The Lord Jesus told this parable:  “A sower went out to sow his seed. And as he sowed, some fell by the wayside; and it was trampled down, and the birds of the air devoured it. Some fell on rock; and as soon as it sprang up, it withered away because it lacked moisture. And some fell among thorns, and the thorns sprang up with it and choked it. But others fell on good ground, sprang up, and yielded a crop a hundredfold.” When He had said these things He cried, “He who has ears to hear, let him hear!”

Then His disciples asked Him, saying, “What does this parable mean?” And He said, “To you it has been given to know the mysteries of the kingdom of God, but to the rest it is given in parables, that ‘Seeing they may not see, And hearing they may not understand.’ Now the parable is this: The seed is the word of God. Those by the wayside are the ones who hear; then the devil comes and takes away the word out of their hearts, lest they should believe and be saved.

But the ones on the rock are those who, when they hear, receive the word with joy; and these have no root, who believe for a while and in time of temptation fall away. Now the ones that fell among thorns are those who, when they have heard, go out and are choked with cares, riches, and pleasures of life, and bring no fruit to maturity.

But the ones that fell on the good ground are those who, having heard the word with a noble and good heart, keep it and bear fruit with patience.  (Luke 8:5-15)

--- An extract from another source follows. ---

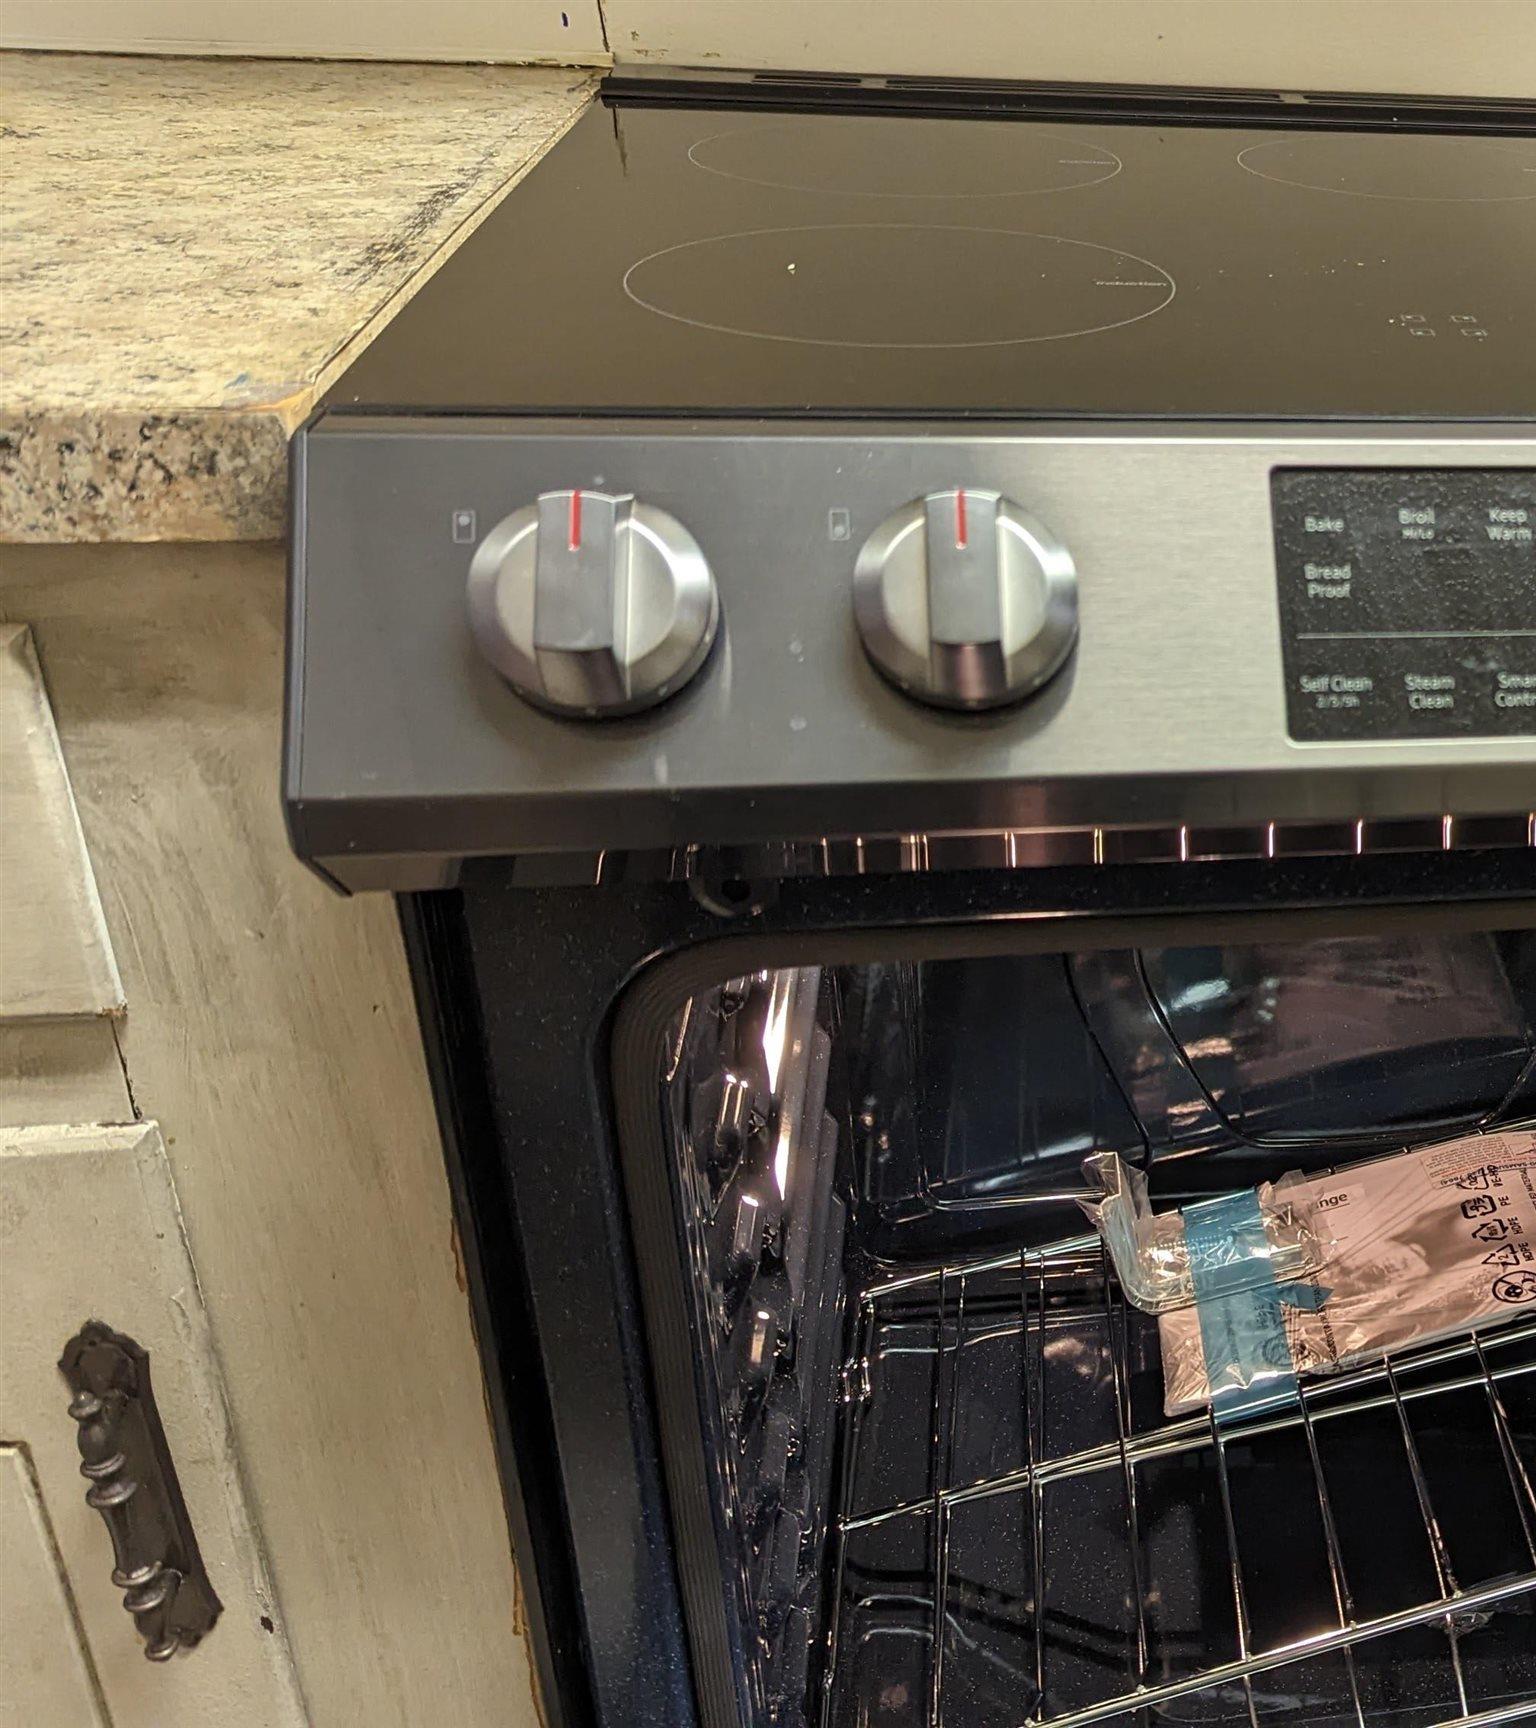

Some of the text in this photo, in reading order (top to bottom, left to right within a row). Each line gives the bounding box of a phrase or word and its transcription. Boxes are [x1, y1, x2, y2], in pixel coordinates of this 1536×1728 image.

St. John of Kronstadt comments:

Why is that one evil word, one word of calumny, produces the most disagreeable impression upon us, agitates us to the depths of our souls, whilst on the contrary, sometimes thousands of good words, for instance, concerning God and His works in the world, do not reach our hearts at all, and are lost in the air? The Devil comes and catches away the word, sown in the hearts of men. It is also he, on the other side, who sows and grows in our hearts the seeds of evil, and does not miss the slightest opportunity of implanting enmity and envy for our neighbor in our hearts.

One glance of our neighbor at us, often quite innocent, but appearing suspicious to us, is sufficient to give rise to a feeling of enmity in us towards him. And, therefore, do not let us take to heart any evil occasioned to us, intentionally or unintentionally, by our neighbor, for we know the author if it, and that “the whole world lieth in wickedness” (St. John 5:19), from its beginning, but let us bear every affront offered us serenely, praying for those who offend us, as for our benefactors, for even in their affronts we may often hear words of good-will towards us, although not proceeding from a good heart. May the Lord teach them, and not impute their behavior unto us as sin to them, and let us be more careful, so as not to give place to the Devil.    (My Life in Christ, p. 64)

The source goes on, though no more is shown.